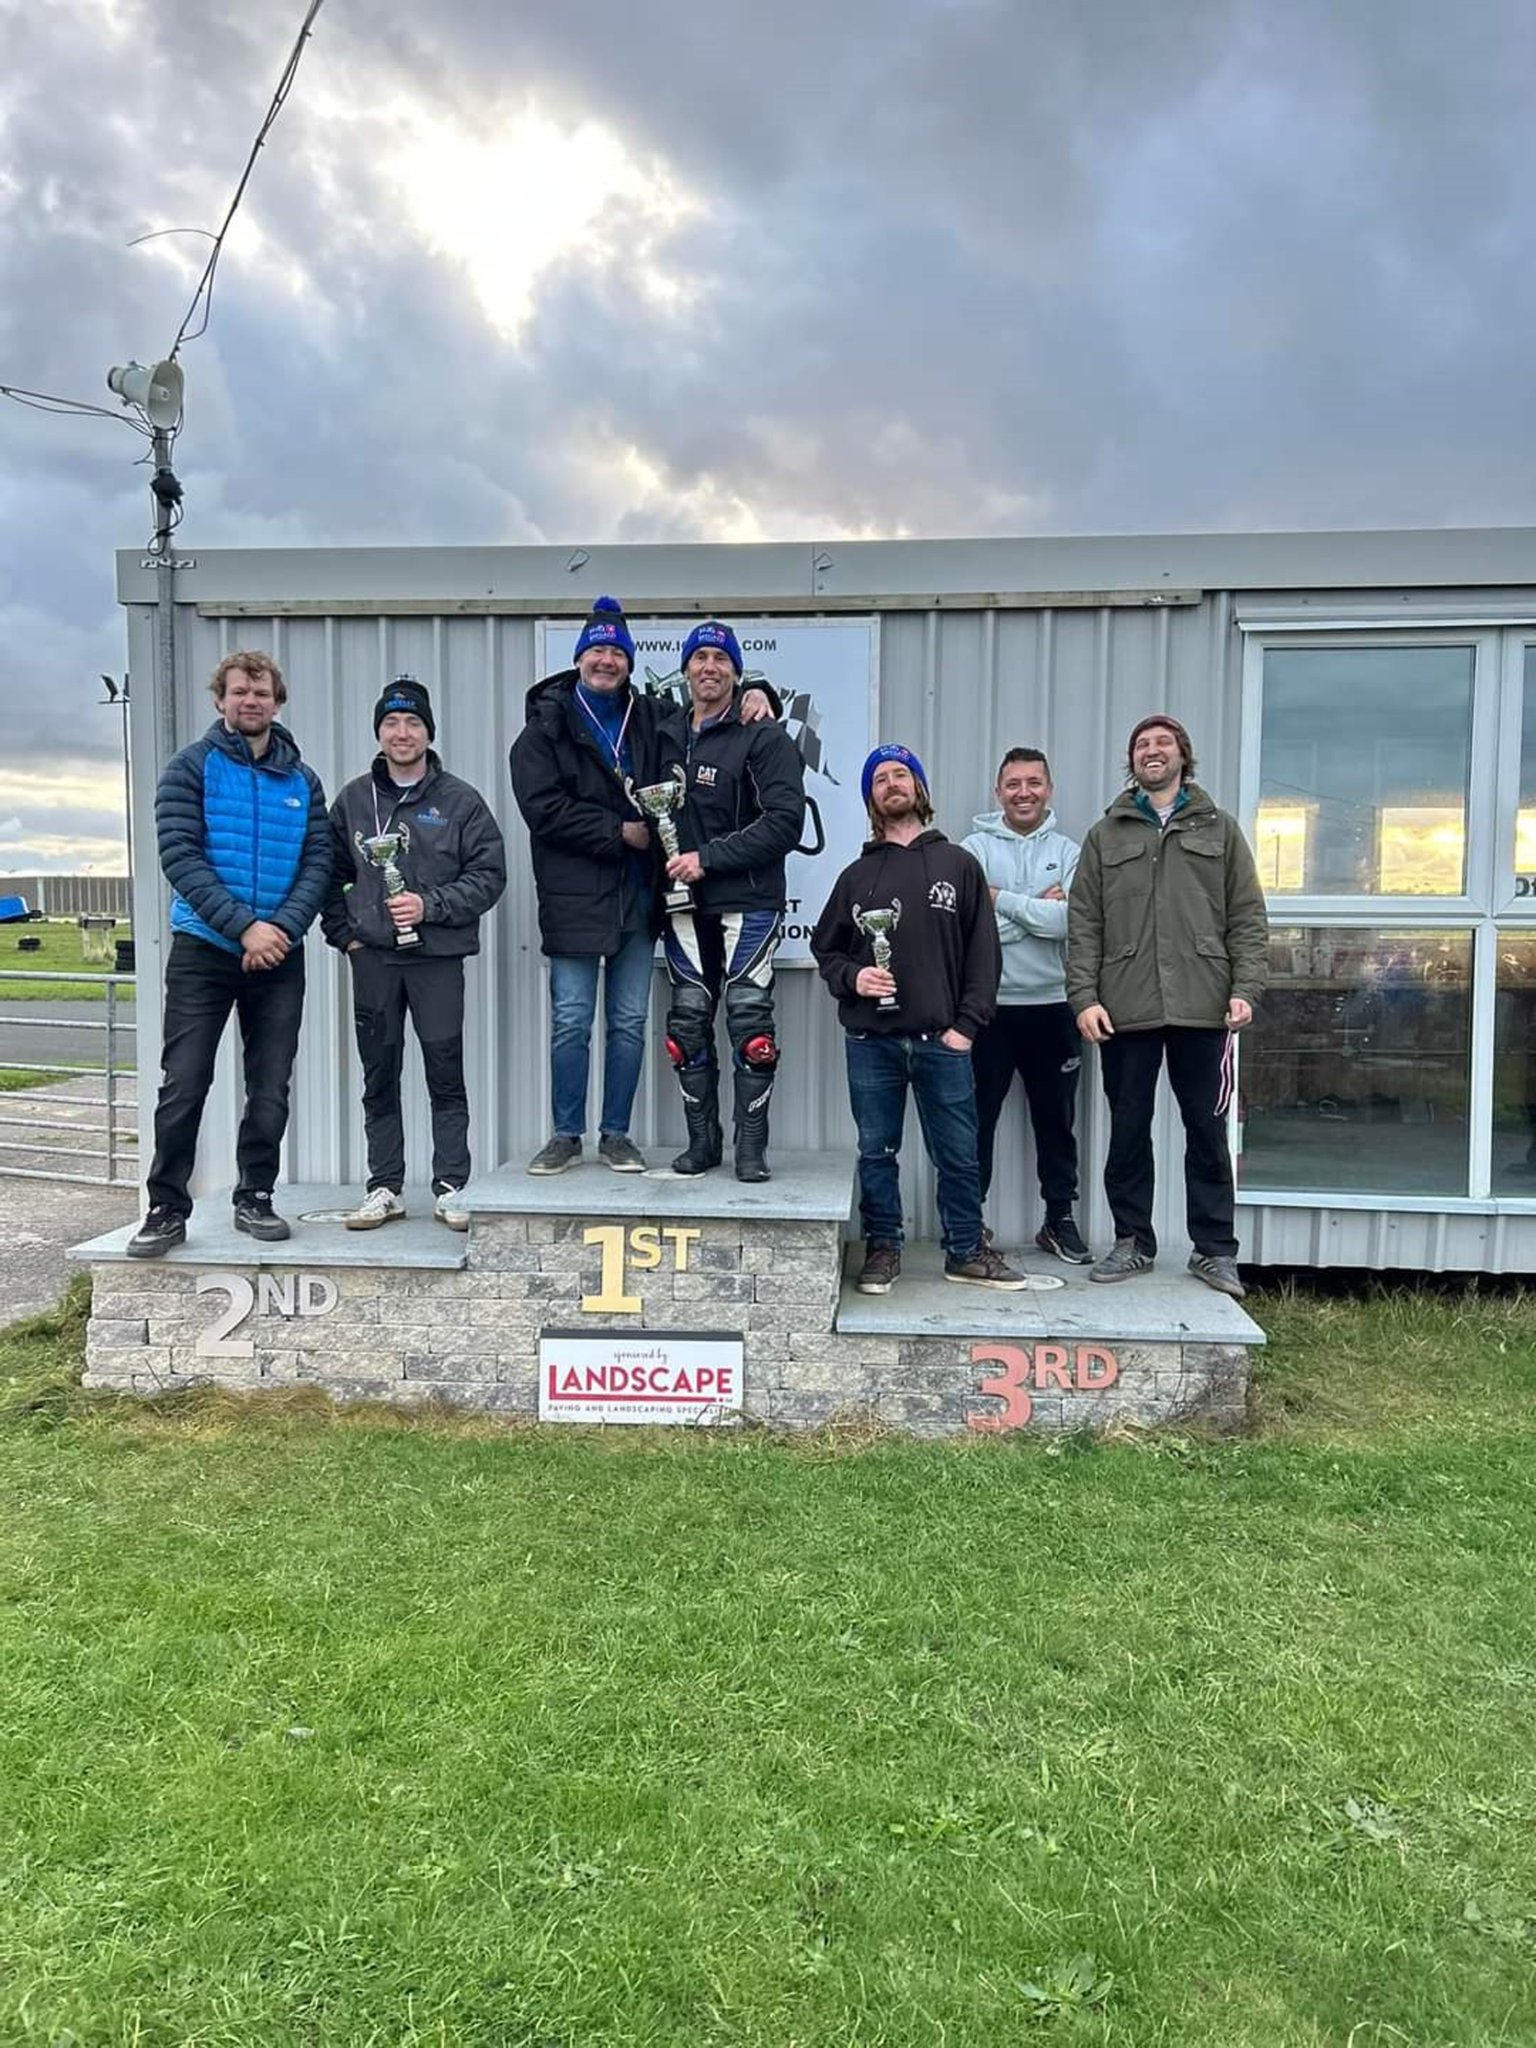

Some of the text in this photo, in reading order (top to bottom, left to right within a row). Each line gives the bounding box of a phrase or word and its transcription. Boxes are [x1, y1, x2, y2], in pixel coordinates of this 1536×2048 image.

[698, 765, 717, 781] CAT
[582, 1226, 701, 1313] 1ST
[196, 1273, 338, 1357] 2ND
[614, 1347, 668, 1365] sponsored by
[549, 1365, 733, 1402] LANDSCAPE
[967, 1344, 1118, 1433] 3RD
[585, 1404, 604, 1412] AND
[607, 1405, 673, 1414] LANDSCAPING

### [Goal of the exercise]
Pictures stay out, but everything else in the records must be output exactly.

### [Result of this task]
Some of the text in this photo, in reading order (top to bottom, left to right within a row). Each line gives the bounding box of a phrase or word and its transcription. Boxes are [x1, y1, x2, y2], in pixel coordinates of this 1536×2048 image.

[698, 765, 717, 781] CAT
[582, 1226, 701, 1313] 1ST
[196, 1273, 338, 1357] 2ND
[614, 1347, 668, 1365] sponsored by
[549, 1365, 733, 1402] LANDSCAPE
[967, 1344, 1118, 1433] 3RD
[585, 1404, 604, 1412] AND
[607, 1405, 673, 1414] LANDSCAPING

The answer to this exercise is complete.